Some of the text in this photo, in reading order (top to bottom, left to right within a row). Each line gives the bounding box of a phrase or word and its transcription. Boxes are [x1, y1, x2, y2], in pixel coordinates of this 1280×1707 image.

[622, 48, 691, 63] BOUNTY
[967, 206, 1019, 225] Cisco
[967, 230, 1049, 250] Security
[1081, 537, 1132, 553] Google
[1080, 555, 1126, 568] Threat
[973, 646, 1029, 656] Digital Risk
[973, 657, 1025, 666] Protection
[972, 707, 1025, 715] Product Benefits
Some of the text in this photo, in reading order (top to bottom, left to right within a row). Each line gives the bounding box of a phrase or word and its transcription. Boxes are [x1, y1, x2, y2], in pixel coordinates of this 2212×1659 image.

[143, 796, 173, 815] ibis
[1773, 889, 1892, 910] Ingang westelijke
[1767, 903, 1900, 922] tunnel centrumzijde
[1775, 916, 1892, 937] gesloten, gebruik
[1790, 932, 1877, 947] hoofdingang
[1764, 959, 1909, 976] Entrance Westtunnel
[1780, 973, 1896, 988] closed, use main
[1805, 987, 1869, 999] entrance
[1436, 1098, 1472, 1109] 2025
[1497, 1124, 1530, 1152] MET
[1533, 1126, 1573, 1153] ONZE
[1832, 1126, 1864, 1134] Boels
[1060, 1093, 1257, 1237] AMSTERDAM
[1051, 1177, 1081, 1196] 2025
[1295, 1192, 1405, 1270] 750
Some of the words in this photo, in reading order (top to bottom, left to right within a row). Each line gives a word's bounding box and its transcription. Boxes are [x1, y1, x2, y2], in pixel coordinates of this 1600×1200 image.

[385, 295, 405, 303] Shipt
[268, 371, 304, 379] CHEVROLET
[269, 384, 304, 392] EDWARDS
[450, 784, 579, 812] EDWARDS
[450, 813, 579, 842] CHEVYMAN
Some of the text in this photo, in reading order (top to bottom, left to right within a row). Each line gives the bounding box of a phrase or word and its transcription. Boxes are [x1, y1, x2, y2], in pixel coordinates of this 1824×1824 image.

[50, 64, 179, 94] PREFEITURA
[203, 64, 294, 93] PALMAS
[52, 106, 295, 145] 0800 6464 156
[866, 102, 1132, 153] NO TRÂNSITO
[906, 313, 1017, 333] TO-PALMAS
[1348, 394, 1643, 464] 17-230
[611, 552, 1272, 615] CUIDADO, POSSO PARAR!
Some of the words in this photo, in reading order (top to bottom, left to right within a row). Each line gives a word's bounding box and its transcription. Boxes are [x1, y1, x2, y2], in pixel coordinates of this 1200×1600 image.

== Work item ==
Whatever appears in the listing above, write it down again exactly.

== Exercise solution ==
Some of the text in this photo, in reading order (top to bottom, left to right within a row). Each line gives the bounding box of a phrase or word and its transcription. Boxes are [x1, y1, x2, y2], in pixel coordinates of this 1280×1707 image.

[622, 48, 691, 63] BOUNTY
[967, 206, 1019, 225] Cisco
[967, 230, 1049, 250] Security
[1081, 537, 1132, 553] Google
[1080, 555, 1126, 568] Threat
[973, 646, 1029, 656] Digital Risk
[973, 657, 1025, 666] Protection
[972, 707, 1025, 715] Product Benefits
Some of the text in this photo, in reading order (top to bottom, left to right within a row). Each line gives the bounding box of a phrase or word and its transcription. Boxes are [x1, y1, x2, y2], in pixel coordinates of this 2212×1659 image.

[143, 796, 173, 815] ibis
[1773, 889, 1892, 910] Ingang westelijke
[1767, 903, 1900, 922] tunnel centrumzijde
[1775, 916, 1892, 937] gesloten, gebruik
[1790, 932, 1877, 947] hoofdingang
[1764, 959, 1909, 976] Entrance Westtunnel
[1780, 973, 1896, 988] closed, use main
[1805, 987, 1869, 999] entrance
[1436, 1098, 1472, 1109] 2025
[1497, 1124, 1530, 1152] MET
[1533, 1126, 1573, 1153] ONZE
[1832, 1126, 1864, 1134] Boels
[1060, 1093, 1257, 1237] AMSTERDAM
[1051, 1177, 1081, 1196] 2025
[1295, 1192, 1405, 1270] 750
Some of the words in this photo, in reading order (top to bottom, left to right within a row). Each line gives a word's bounding box and its transcription. Boxes are [x1, y1, x2, y2], in pixel coordinates of this 1600×1200 image.

[385, 295, 405, 303] Shipt
[268, 371, 304, 379] CHEVROLET
[269, 384, 304, 392] EDWARDS
[450, 784, 579, 812] EDWARDS
[450, 813, 579, 842] CHEVYMAN
Some of the text in this photo, in reading order (top to bottom, left to right within a row). Each line gives the bounding box of a phrase or word and its transcription. Boxes are [x1, y1, x2, y2], in pixel coordinates of this 1824×1824 image.

[50, 64, 179, 94] PREFEITURA
[203, 64, 294, 93] PALMAS
[52, 106, 295, 145] 0800 6464 156
[866, 102, 1132, 153] NO TRÂNSITO
[906, 313, 1017, 333] TO-PALMAS
[1348, 394, 1643, 464] 17-230
[611, 552, 1272, 615] CUIDADO, POSSO PARAR!
Some of the words in this photo, in reading order (top to bottom, left to right within a row). Each line gives a word's bounding box and its transcription. Boxes are [x1, y1, x2, y2], in pixel coordinates of this 1200×1600 image.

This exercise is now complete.